在當今全球家禽產業中,基因編輯技術正發揮著越來越重要的作用,例如通過增強經濟性狀、培育抗病品系、開發載體疫苗、改善動物福利、提升禽蛋食用安全性以及在雞蛋中生產藥用蛋白等。然而,目前禽類基因編輯主要依賴傳統的體外或體內原始生殖細胞(Primordial Germ Cell, PGC)途徑,其編輯效率相對較低,且通常需要篩選兩代以上才能獲得純合基因編輯個體,過程耗時費力。因此,開發一種更高效、更簡捷的禽類基因編輯方法成為該領域亟待解決的問題。
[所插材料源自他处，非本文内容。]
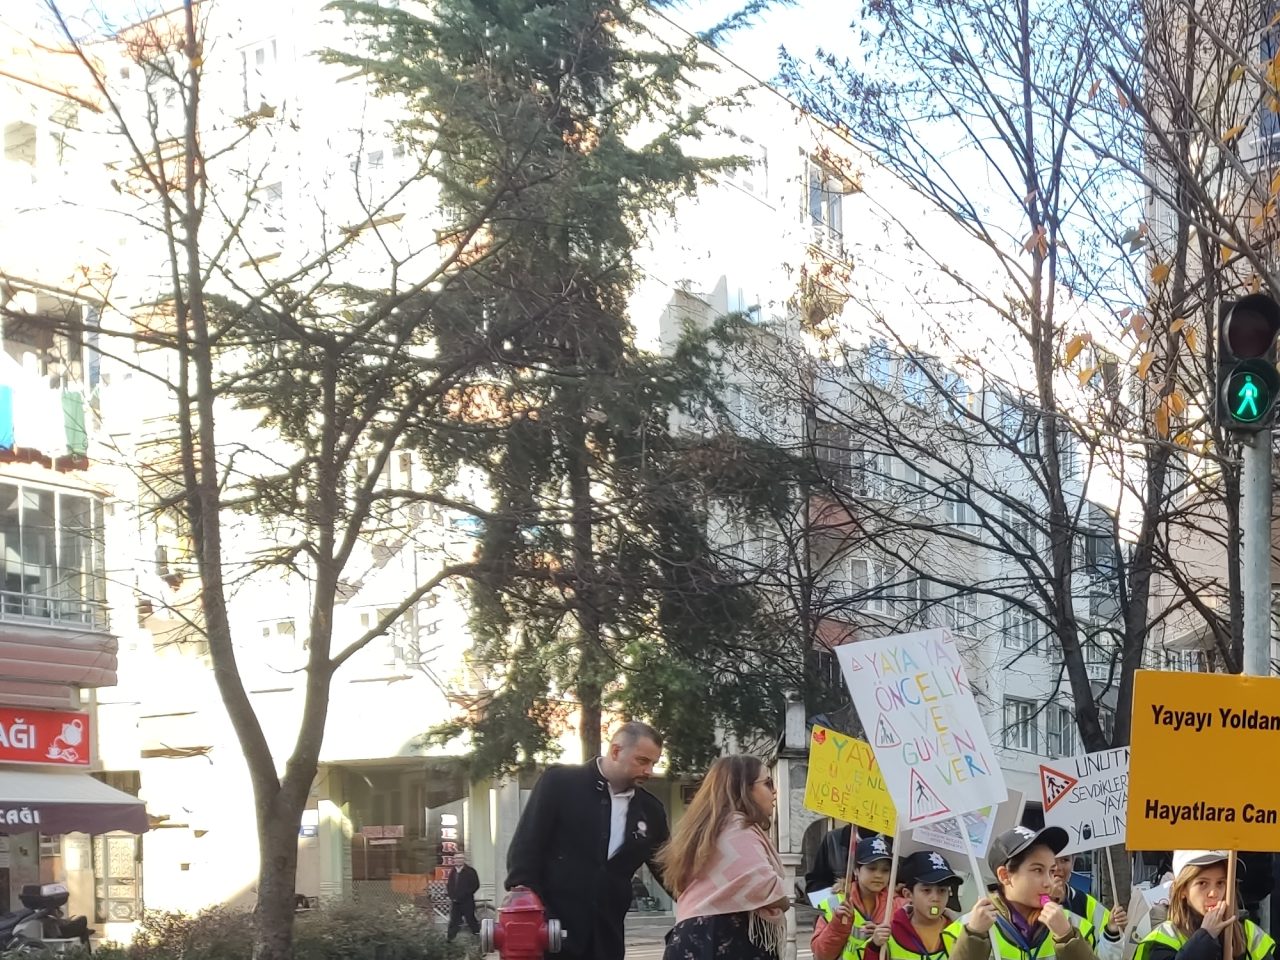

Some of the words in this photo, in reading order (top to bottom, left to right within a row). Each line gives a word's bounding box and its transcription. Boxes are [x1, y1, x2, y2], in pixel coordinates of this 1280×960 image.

在此背景下,精子轉染輔助基因編輯(Sperm Transfection Assisted Gene Editing, STAGE)技術應運而生。該技術通過在受精前將外源基因編輯元件導入精子細胞,再利用人工授精或體外受精產生轉基因個體,有望規避復雜的胚胎操作,縮短育種周期。電穿孔技術作為一種安全、經濟且操作簡單的物理轉染方法,被廣泛應用于將外源DNA、RNA或蛋白質導入細胞。但其應用于禽類精子,特別是江西康樂雞(Gallus gallus)精子的最佳條件尚不明確。為了推動STAGE技術在禽類基因編輯中的應用,研究人員迫切需要優化雞精子的電穿孔條件,在保證高轉染效率的同時,最大限度地維持精子的受精潛能。
本研究旨在系統優化江西康樂雞精子的電穿孔條件,并全面評估轉染后精子的生理狀態。研究論文發表在《Poultry Science》上。
為了達成研究目標,研究人員主要運用了以下幾項關鍵技術:首先,利用計算機輔助精子分析系統(Computer-Assisted Sperm Analysis, CASA)精確評估精子動力學參數;其次,采用低滲腫脹試驗(Hypotonic Swelling Test, HOST)和FITC-PSA熒光染色分別檢測精子細胞膜和頂體膜的完整性;再者,使用JC-1熒光探針通過流式細胞術分析精子線粒體膜電位(Mitochondrial Membrane Potential, ΔΨm);最后,通過共聚焦熒光顯微鏡和流式細胞術定量分析Cy-3標記的外源DNA被精子攝取的效率。實驗樣本為從6只成年江西康樂公雞采集并經質量篩選后的混合精液。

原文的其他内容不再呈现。